I have phone conversations with a man in Canada who I met dating online. After two months, he said a long-distance relationship was impractical. He reminded me that he had warned against attachment. Finally, he admitted interest in someone else. One friend advised me to enjoy him and his words at face value. Another said she didn’t trust him or understand why I didn’t end it. I took some space, but after a week, I missed him. He got a phone card and we talked. Things felt better until he said he avoids compliments because he doesn’t want to lead me on. If you like someone, why not act on those feelings? We spend lots of time talking, but when he avoids certain topics I feel like my behavior is being managed. Am I unwise to keep contact?
Yes, it is unwise and unkind to force yourself on a man who has been clear about his lack of interest. It’s worrisome, too, that you cling to crumbs and tell yourself a tidbit is nourishing. He bought a phone card to call you? That could signify guilt, not affection. Long phone chats? He’s bored and has no better way to occupy time. Each call returns him to drama: He doesn’t desire or cherish you but appreciates being desired and cherished by you. And you, darling, are using this situation to polish your sales skills. On each call, you try to close the deal on a relationship. Like a shopper on a car lot, he is “just looking,” but you continue trying to break him down. Coiled beneath every conversation is the demand that he submit to your will and sign on the dotted line to become your man.
Oh my, those are harsh words, aren’t they? That’s what real friends do: tell us the truth. One of your friends, a straight shooter, said she didn’t understand why you continue talking to your Canadian phone pal. Your other friend, afraid, perhaps, of your aching need for a man who does not see you as a potential mate, suggests that you enjoy the conversations. But she also cautions you to accept his ultimatum. You tried, but missed the phone chats. That’s because you have convinced yourself those chats are significant. And yes, you are attached to the rhythm of interacting with him. You believe that if he changes his mind and (cue the music) suddenly expresses his mad love for you, it proves you are loveable. Better yet, it proves you were right: This is an epic romance. Unfortunately, that’s a fantasy. This is reality: You are amazing. And an amazing woman deserves a man who knows she is amazing and believes he is, too.

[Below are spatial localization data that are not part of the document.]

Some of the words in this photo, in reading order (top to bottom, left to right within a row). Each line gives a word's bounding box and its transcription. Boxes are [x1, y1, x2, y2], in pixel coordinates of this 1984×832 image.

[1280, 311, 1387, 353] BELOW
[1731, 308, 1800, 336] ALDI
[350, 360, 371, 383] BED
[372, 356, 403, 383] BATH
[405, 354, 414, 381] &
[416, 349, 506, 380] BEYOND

A friend has had a debilitating illness for a decade. Initially, I drove her to appointments, cooked meals, did errands. Then, I backed off because she doesn’t follow her doctor’s orders. She says I don’t understand her illness. This is true. But I want to be around people who are disciplined in mind and body to face difficult issues and improve. I feel guilty about abandoning her. How do I release guilt and keep boundaries?

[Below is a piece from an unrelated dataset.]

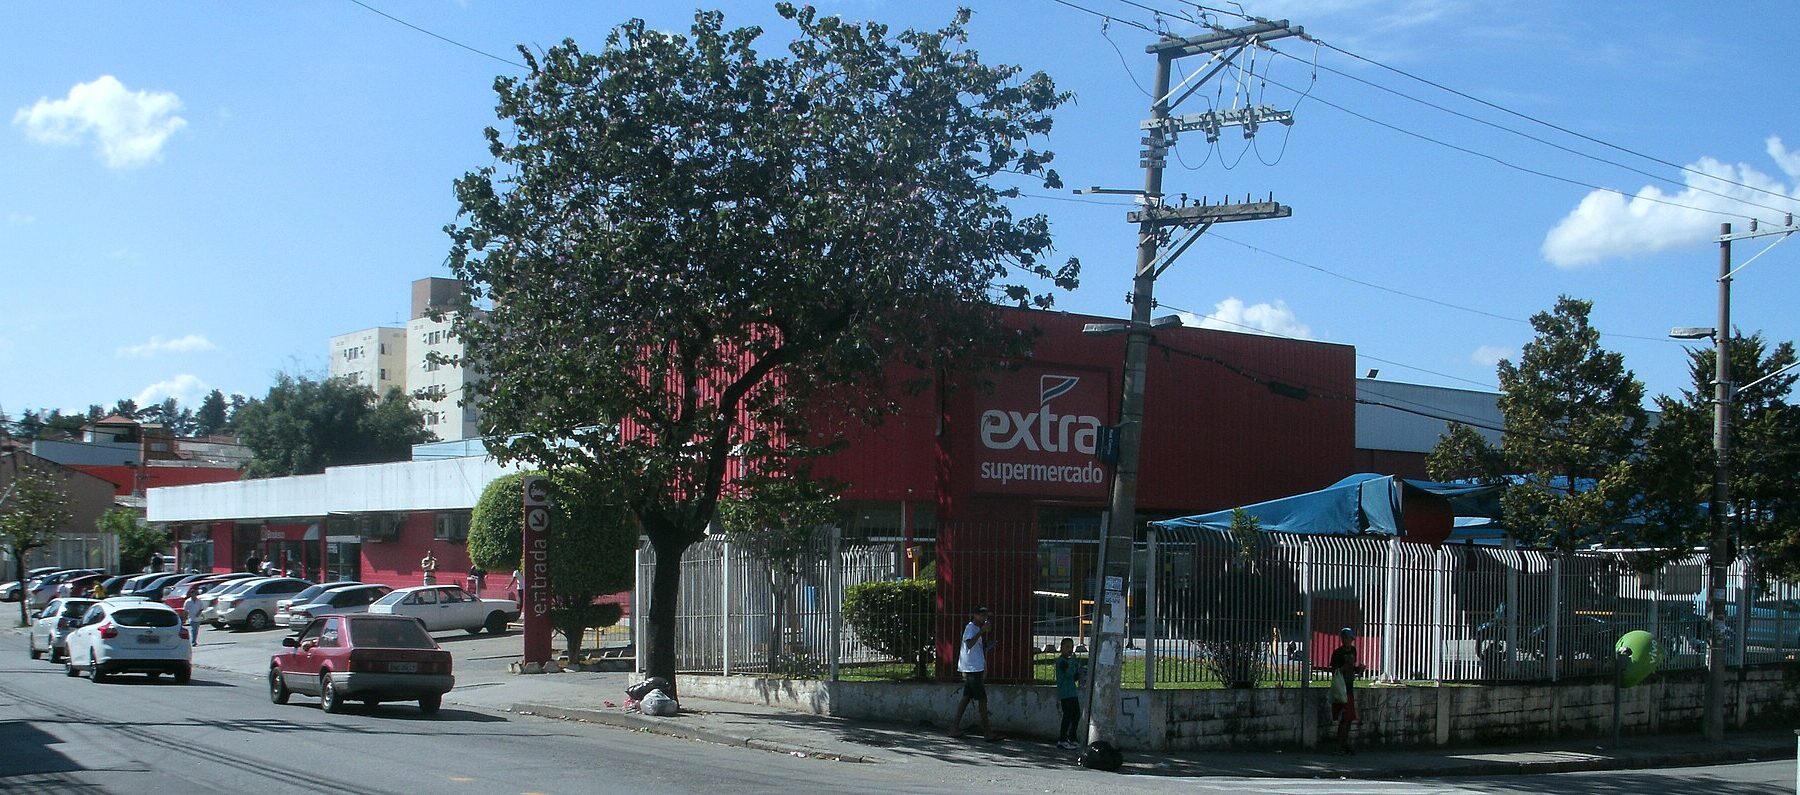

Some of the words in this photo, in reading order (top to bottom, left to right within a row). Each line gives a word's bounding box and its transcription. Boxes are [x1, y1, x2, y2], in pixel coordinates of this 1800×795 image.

Admit that you rushed in to save her, and when you realized that nothing you did would be enough, resentment ensued. Yours. In the future, lend a hand because it brings you joy, not because you expect kindness to be medicine. Do this soon. Obsessing over failures, perceived or true, can seed the stress that causes illness. If your mind embraces so much guilt that your body becomes ill, you will have to birth extravagant amounts of discipline to overcome the illness and prove you are different from your friend. And that’s a waste of life energy.
“Tell me what a person finds sexually attractive and I will tell you their entire philosophy of life. Show me the person they sleep with and I will tell you their valuation of themselves,” wrote Ayn Rand. How well do you know yourself?